Transient vision loss may indicate underlying disease of the eye, optic nerve, orbit, brain or heart. Detailed history-taking followed by a complete ocular and neurological examination is therefore a crucial part of any consultation.

Objective

It is important to determine whether a patient with transient vision loss can be reassured or requires urgent referral for further investigation. This review examines monocular and binocular transient vision loss and provides a structured approach to the examination of a patient with transient vision loss. The aim of this article is to provide clinicians with confidence when encountering these patients.

Discussion

Transient vision loss can imply serious underlying pathology; therefore, accurate history-taking and astute observation are paramount. This review discusses the differential diagnosis of monocular and binocular transient vision loss and the relevant localising features of each.

 

Transient vision loss may be monocular or binocular. The aetiology may be localised to the eye, orbit, optic nerve, brain, neck or heart through careful history-taking and examination.1 Medical practitioners may become aware of previous episodes of transient vision loss while taking a patient’s history for a seemingly unrelated problem. Alternatively, new-onset transient vision loss may be an early sign of a sight-threatening, and possibly life-threatening, emergency.2,3 This review aims to guide initial management and suggest referral pathways in both of these situations.

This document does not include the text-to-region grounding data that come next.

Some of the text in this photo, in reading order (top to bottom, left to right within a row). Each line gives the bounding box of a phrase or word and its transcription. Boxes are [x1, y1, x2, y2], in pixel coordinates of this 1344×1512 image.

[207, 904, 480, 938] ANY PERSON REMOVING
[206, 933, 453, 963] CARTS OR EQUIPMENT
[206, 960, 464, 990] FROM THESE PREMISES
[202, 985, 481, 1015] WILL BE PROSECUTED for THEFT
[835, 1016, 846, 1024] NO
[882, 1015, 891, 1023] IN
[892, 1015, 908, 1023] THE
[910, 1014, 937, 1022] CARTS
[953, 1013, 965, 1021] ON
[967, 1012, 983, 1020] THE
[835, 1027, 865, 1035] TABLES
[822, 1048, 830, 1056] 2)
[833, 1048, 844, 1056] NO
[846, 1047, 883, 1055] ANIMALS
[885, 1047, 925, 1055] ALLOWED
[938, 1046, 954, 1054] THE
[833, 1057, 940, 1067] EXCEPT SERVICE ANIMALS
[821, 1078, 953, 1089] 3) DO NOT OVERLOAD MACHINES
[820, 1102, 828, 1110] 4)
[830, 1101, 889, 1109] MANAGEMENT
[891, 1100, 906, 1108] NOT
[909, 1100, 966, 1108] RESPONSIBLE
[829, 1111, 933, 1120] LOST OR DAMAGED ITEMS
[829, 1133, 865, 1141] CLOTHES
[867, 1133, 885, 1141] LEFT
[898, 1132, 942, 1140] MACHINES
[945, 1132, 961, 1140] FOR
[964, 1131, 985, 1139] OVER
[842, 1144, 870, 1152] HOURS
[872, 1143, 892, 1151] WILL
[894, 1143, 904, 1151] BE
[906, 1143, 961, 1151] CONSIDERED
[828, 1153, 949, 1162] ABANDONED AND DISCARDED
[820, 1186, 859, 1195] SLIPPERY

It may be difficult for a patient to distinguish monocular from binocular transient vision loss, and this is often reflected in the history. It is essential that the clinician distinguishes whether the presentation is for monocular or binocular vision loss. One way to do this is to ask whether the patient covered an eye while the problem was happening. An alternative is to ask whether the visual world was split (eg seeing half a face), as this almost always implies binocular visual loss.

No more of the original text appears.